For $1.00 and other good and valuable consideration received, the receipt and sufficiency of which are hereby acknowledged, and recognizing the reliance of Administrative Agent and Lenders hereon in entering into the Loan Agreement, the Other Parties agree as follows:
1. Operator and Lariat hereby consents to the grant of a security interest in, and the collateral assignment by Borrower of, the Contracts and all proceeds and moneys due or to become due to Borrower under the Contracts for the purpose of providing additional collateral securing the loans described in the Loan Agreement. To the extent that any of the Contracts prohibits the grant of such security interest and collateral assignment, each Contract is hereby amended to allow such a grant.
2. Operator and Lariat further agrees that the security interest and assignment have been given for collateral purposes only, and neither Administrative Agent nor any Lender shall have performance obligations or other obligations whatsoever under the Contracts unless and until they agree expressly and in writing so to do.
3. All fees and other payments, including fees at the Idle Rig Rate, under the Contracts (collectively, the “Payments”) shall not be subject to any set off made by Operator or Lariat, whether under the Contracts or otherwise, and each of Operator and Lariat agrees not to assert against Administrative Agent or Lenders any right of set off that they may have against Borrower. Operator and Lariat acknowledges that Administrative Agent has accepted the security interest in and collateral assignment of the Contracts for value, in good faith, and
without notice of a claim of a property or possessory right to the Contracts by any other person, firm or entity. For avoidance of doubt, each of Operator and Lariat confirms that for each day during the term of the Multiple Rigs Contract and the Drilling Contracts that another rate (such as the market rate) does not apply, the Idle Rig Rate will apply and in no event will the rates applicable under the Multiple Rigs Contract and the Drilling Contracts be less than the Idle Rig Rate.
4. Borrower agrees that it will not collect Payments more than 30 days in advance.
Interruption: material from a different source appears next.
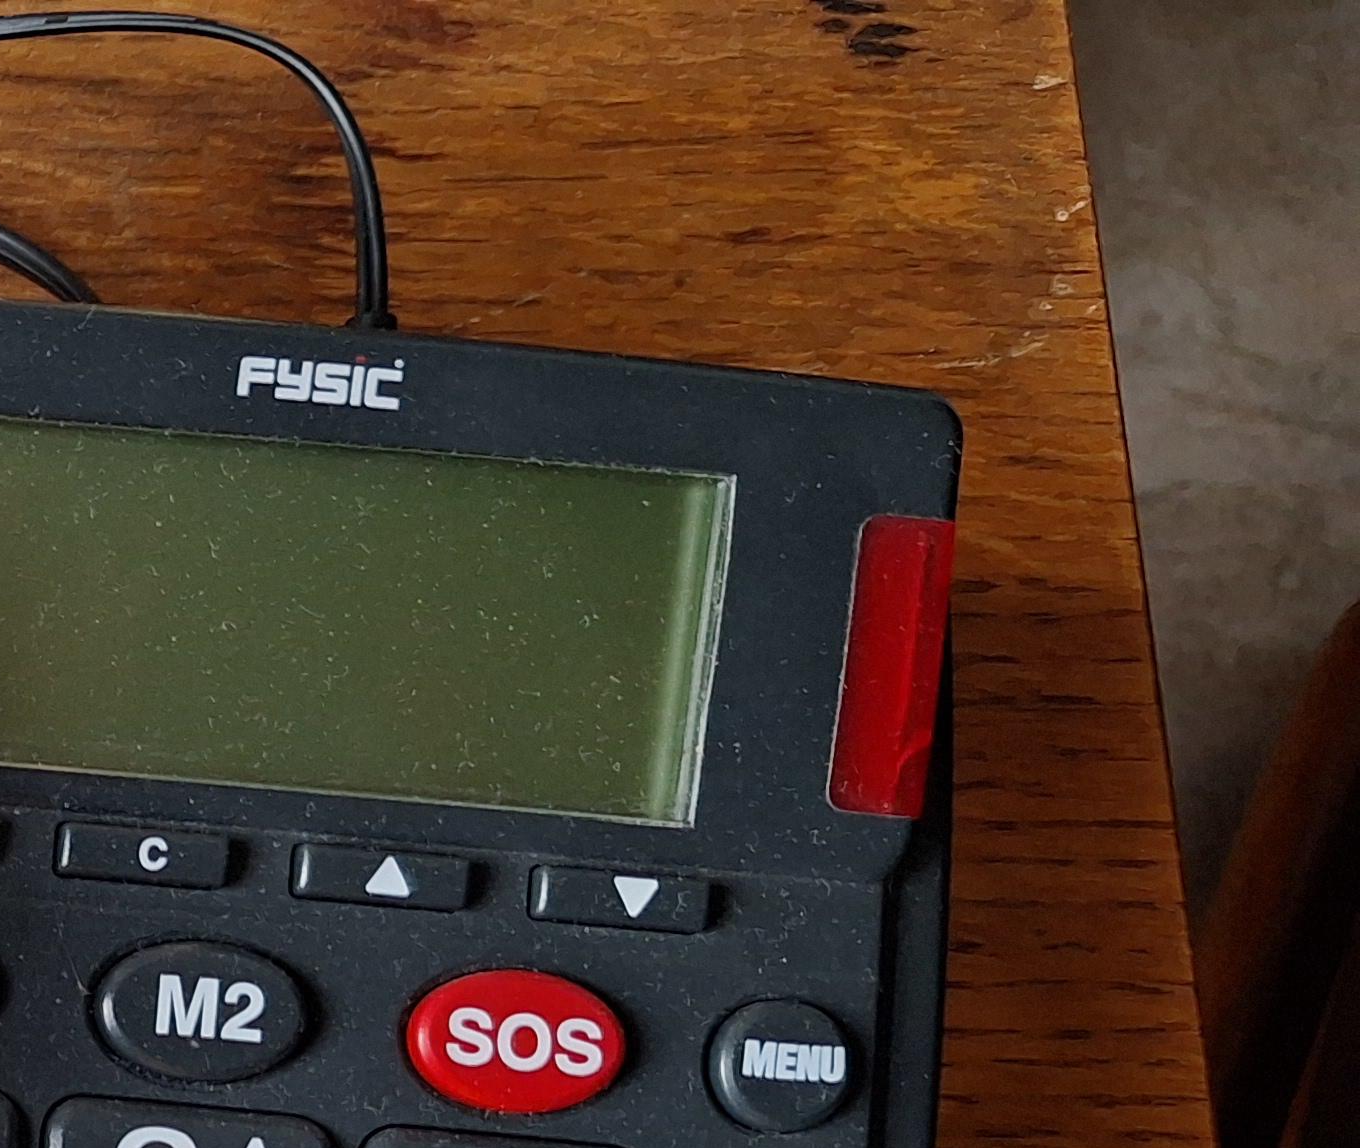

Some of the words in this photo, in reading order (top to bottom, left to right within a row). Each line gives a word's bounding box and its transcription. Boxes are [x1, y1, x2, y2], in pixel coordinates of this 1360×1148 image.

[137, 836, 170, 873] C
[155, 974, 267, 1043] M2
[445, 1007, 604, 1076] SOS
[741, 1038, 846, 1084] MENU
The Other Parties confirm that Payments under the Contracts owing to Borrower are not less than the monthly payments of principal and interest due under the Loan Agreement. Operator and Lariat agree to give Administrative Agent prompt written notice of any default by Borrower under the Contracts.
5. Without the consent of Administrative Agent, the Other Parties will not cancel, terminate, or abrogate, the Contracts, or seek so to do, so long as any amounts are owed under or in respect of the Loan Agreement. Without the consent of Administrative Agent, the Other Parties will not amend or otherwise modify the Contracts, or seek so to do, so long as any amounts are owed under or in respect of the Loan Agreement.
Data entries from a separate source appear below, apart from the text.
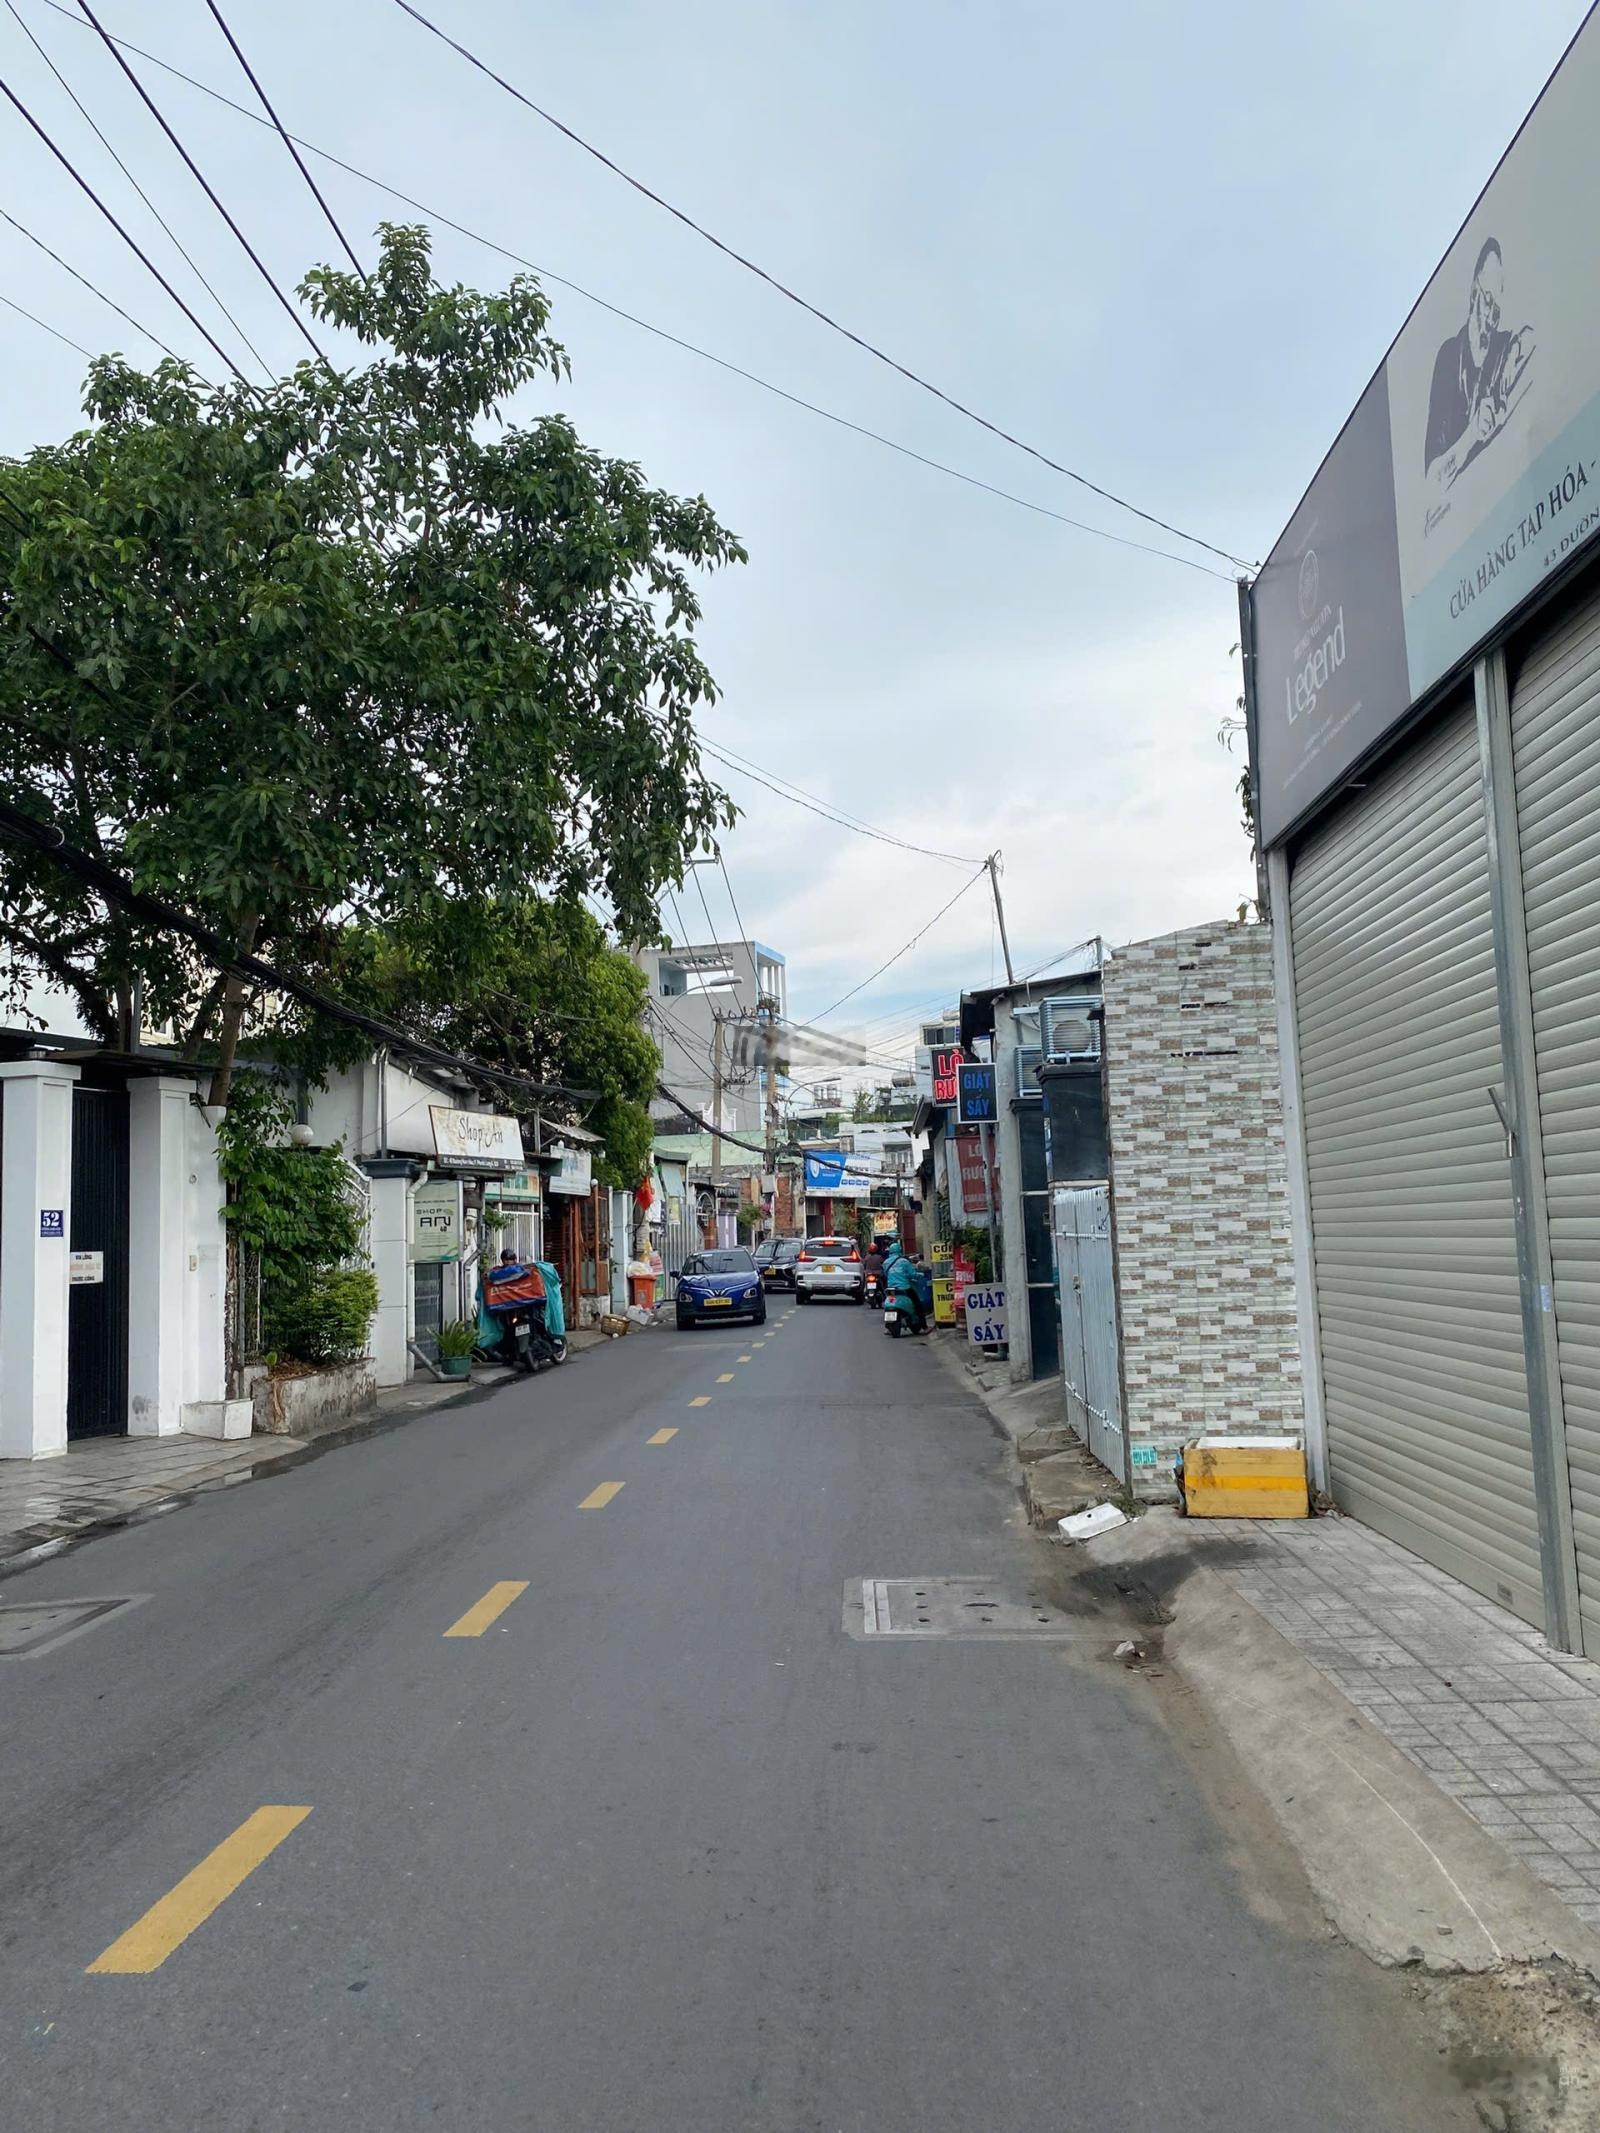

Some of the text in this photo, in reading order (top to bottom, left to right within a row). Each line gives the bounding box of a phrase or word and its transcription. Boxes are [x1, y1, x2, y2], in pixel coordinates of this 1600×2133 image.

[1476, 551, 1516, 594] HÀNG
[1517, 501, 1545, 549] TẠP
[1548, 462, 1588, 518] HÓA
[1286, 604, 1346, 726] Legend
[967, 1093, 990, 1117] SẤY
[458, 1115, 482, 1152] Shop
[42, 1211, 60, 1227] 52
[967, 1288, 1005, 1312] GIẶT
[974, 1318, 1005, 1342] SẤY
6. The Other Parties represent to Administrative Agent and Lenders that the Contracts and this Consent are legal, valid and binding obligations of each of them, that they are in full force and effect and are enforceable in accordance with their respective terms, and that no default or breach of any agreement exists under the Contracts.
7. This Consent shall constitute a Loan Document (as such term is defined in the Loan Agreement).
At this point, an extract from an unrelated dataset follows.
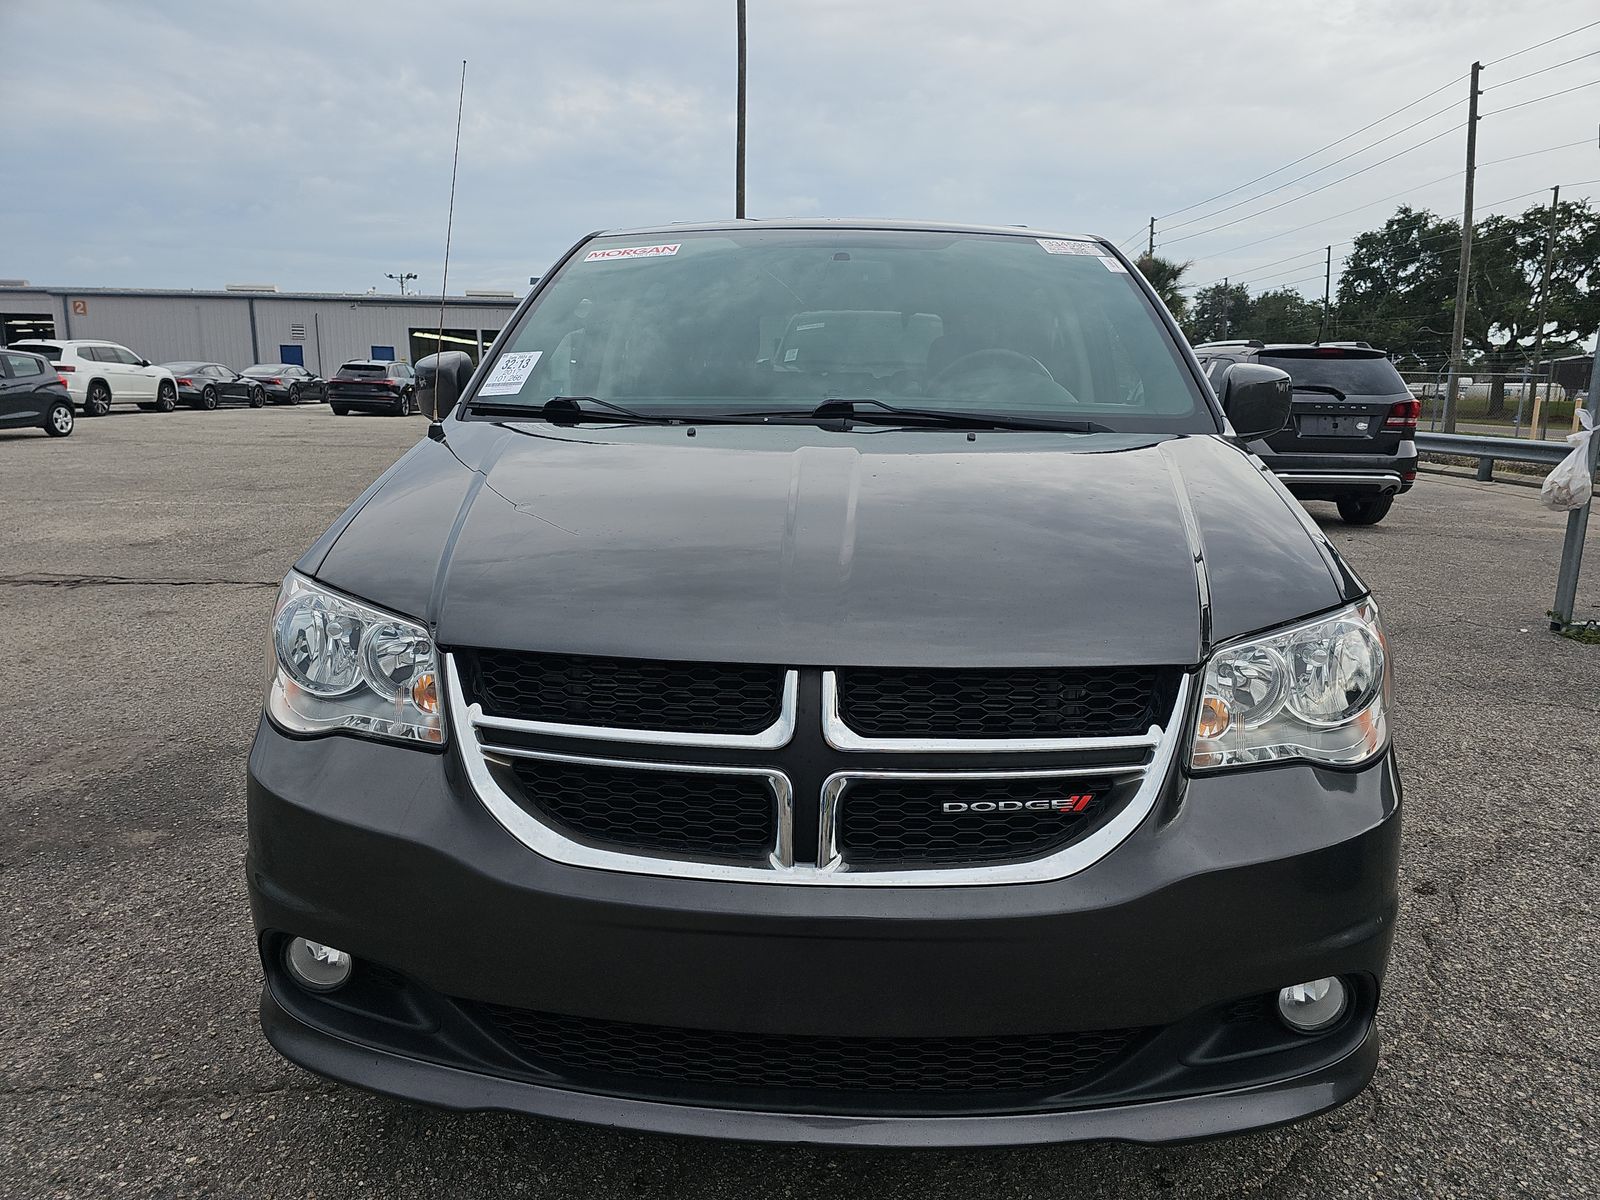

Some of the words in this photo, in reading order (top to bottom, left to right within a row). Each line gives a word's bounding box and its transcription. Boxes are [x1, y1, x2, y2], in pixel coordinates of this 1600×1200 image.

[588, 245, 678, 258] MORGAN
[75, 301, 84, 313] 2
[501, 358, 531, 370] 32:13
[943, 799, 1074, 812] DODGE
8. This Consent shall be governed by the laws of the State of Illinois.
9. This Consent may be executed in any number of counterparts, and on separate counterparts by the different signatories hereto, each of which shall be deemed an original, but all of which together shall constitute one and the same instrument.
10. Acceptance and notice of acceptance of this Consent are expressly waived, its being recognized and agreed that Administrative Agent and Lenders are relying hereon in extending credit to under the Loan Agreement.
11. Facsimile signatures shall be effective for all purposes regardless of whether any party receives an originally executed counterpart of this Consent.
12. Upon written request of Administrative Agent stating there has been an Event of Default by Borrower under the Loan Agreement, all future Payments will be made directly to Administrative Agent without deduction, offset or other reduction and such making shall continue until Administrative Agent notifies the Other Parties in writing otherwise.
13. Borrower agrees that neither Operator nor Lariat shall have liability or responsibility to Borrower for complying with the directions of Administrative Agent.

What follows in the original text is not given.